*Assigned task*: Where the line containing "this 1600×900 image." appears, begin retyping; continue exactly through the final line of the data. Omit every picture.

*Records to process*:
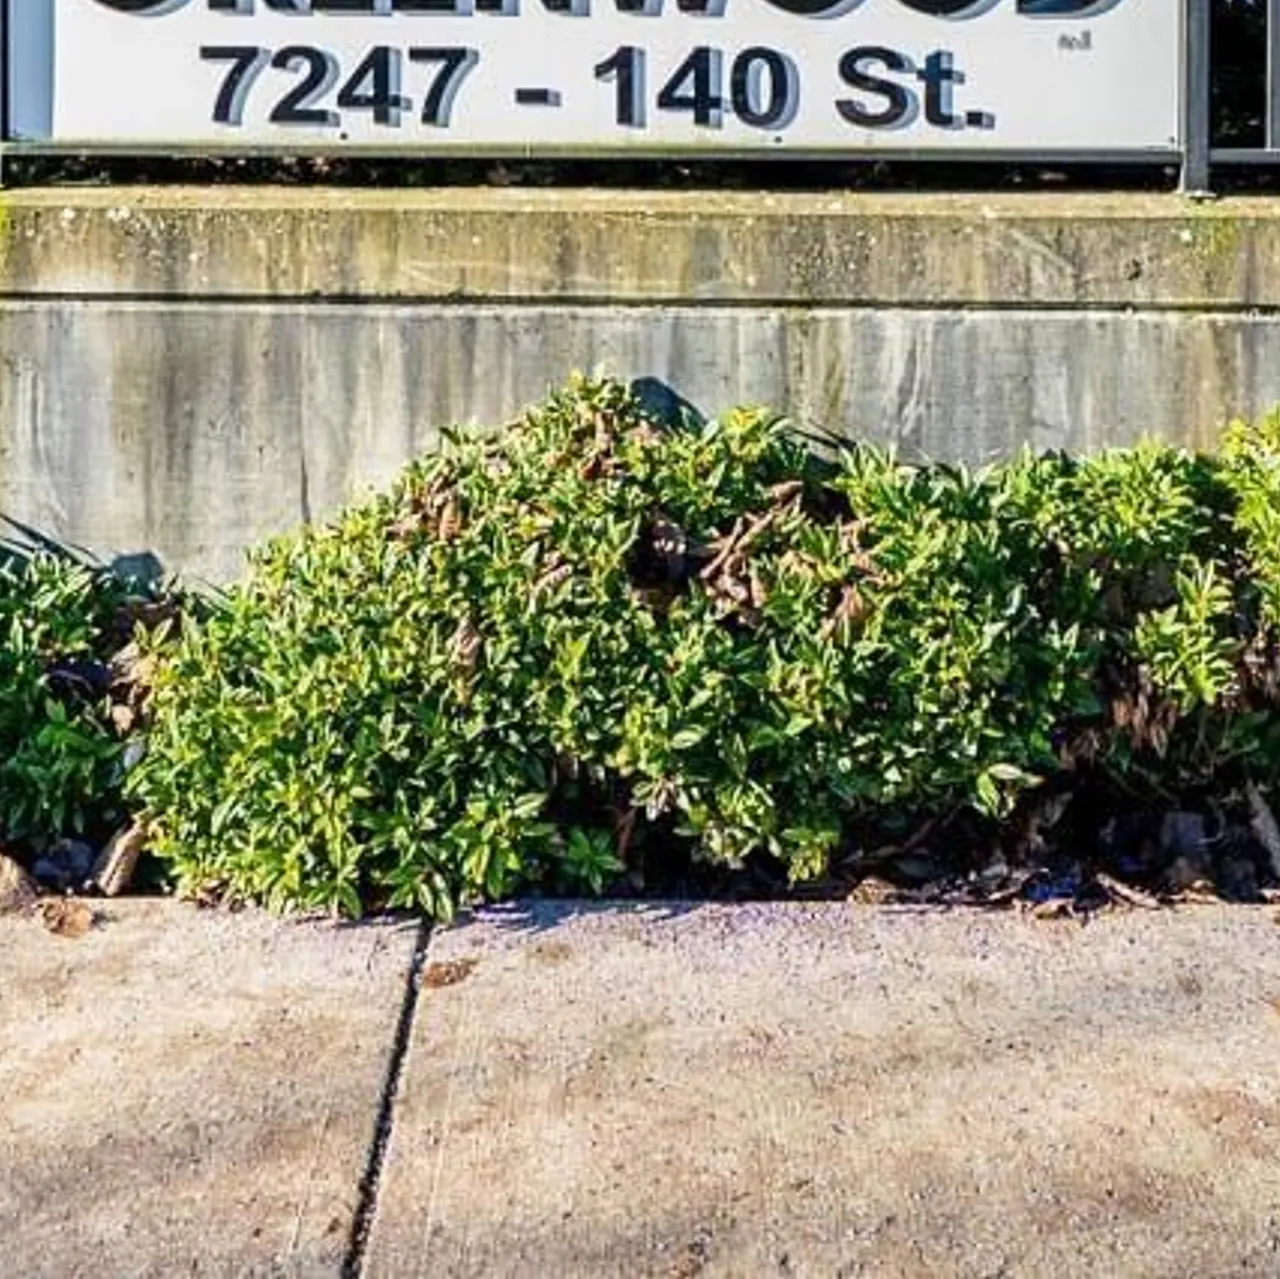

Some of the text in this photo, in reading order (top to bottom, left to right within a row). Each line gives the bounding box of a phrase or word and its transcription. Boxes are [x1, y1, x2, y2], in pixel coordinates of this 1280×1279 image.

[199, 45, 986, 128] 7247 - 140 St.
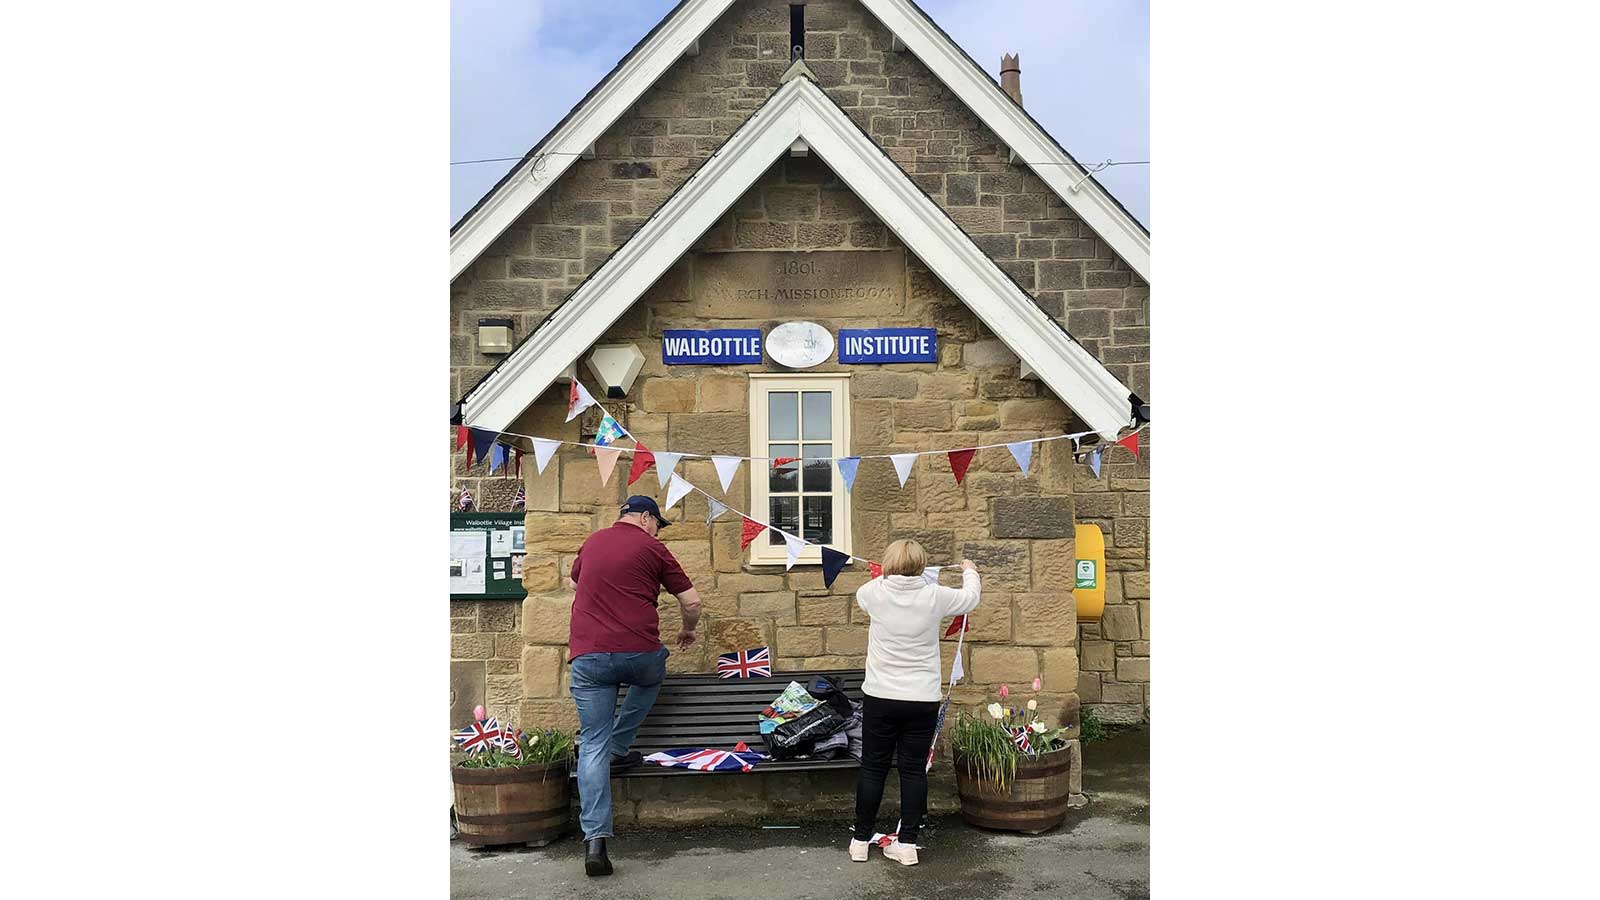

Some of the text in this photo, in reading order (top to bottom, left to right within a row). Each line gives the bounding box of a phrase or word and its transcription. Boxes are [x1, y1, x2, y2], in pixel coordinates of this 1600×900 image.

[775, 288, 841, 300] MISSION
[665, 337, 760, 357] WALBOTTLE
[845, 335, 929, 355] INSTITUTE
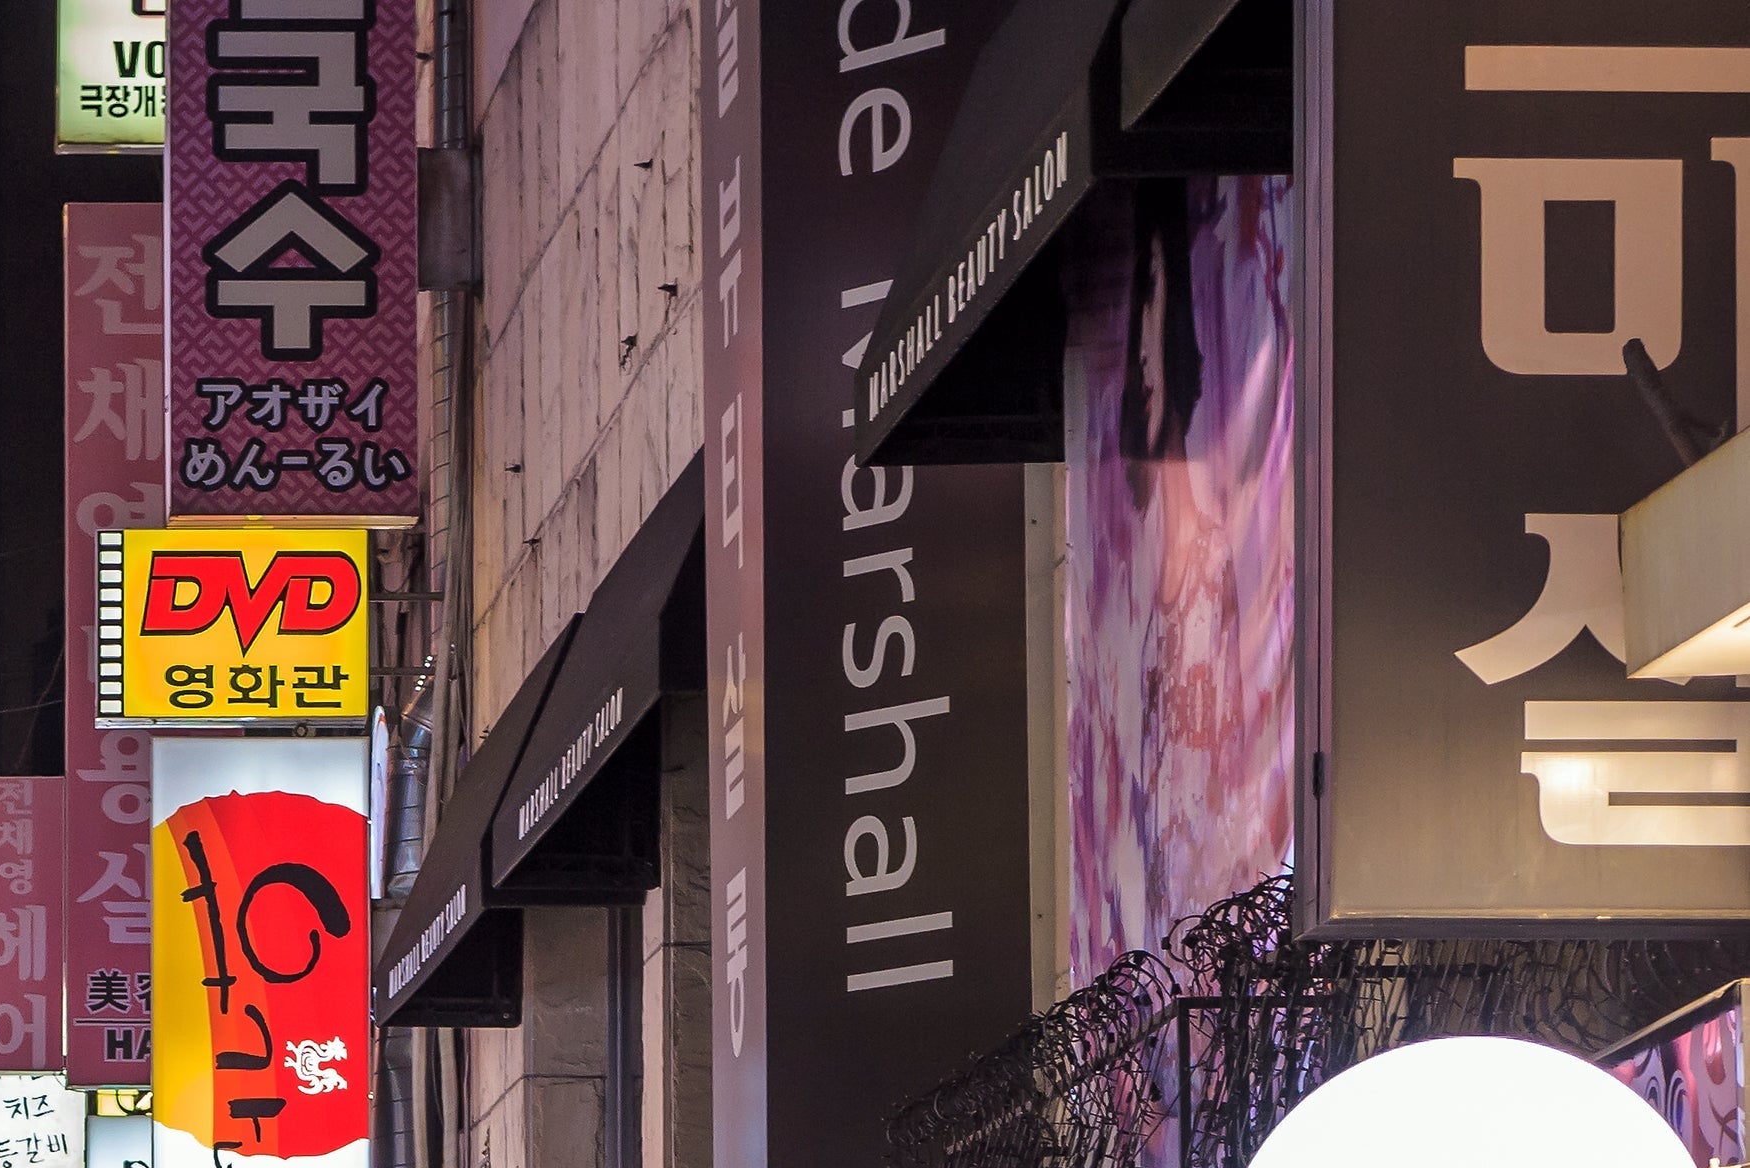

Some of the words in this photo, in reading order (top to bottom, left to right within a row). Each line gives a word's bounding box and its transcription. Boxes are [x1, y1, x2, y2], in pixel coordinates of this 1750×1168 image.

*Result of this task*:
Some of the text in this photo, in reading order (top to bottom, left to right within a row). Each line gives the bounding box of a phrase or word and its transcription. Boxes are [x1, y1, x2, y2], in pixel coordinates of this 1600×900 image.

[775, 288, 841, 300] MISSION
[665, 337, 760, 357] WALBOTTLE
[845, 335, 929, 355] INSTITUTE

Some of the words in this photo, in reading order (top to bottom, left to right within a row). Each line gives a word's bounding box and its transcription. Boxes are [x1, y1, x2, y2], in pixel coordinates of this 1750×1168 image.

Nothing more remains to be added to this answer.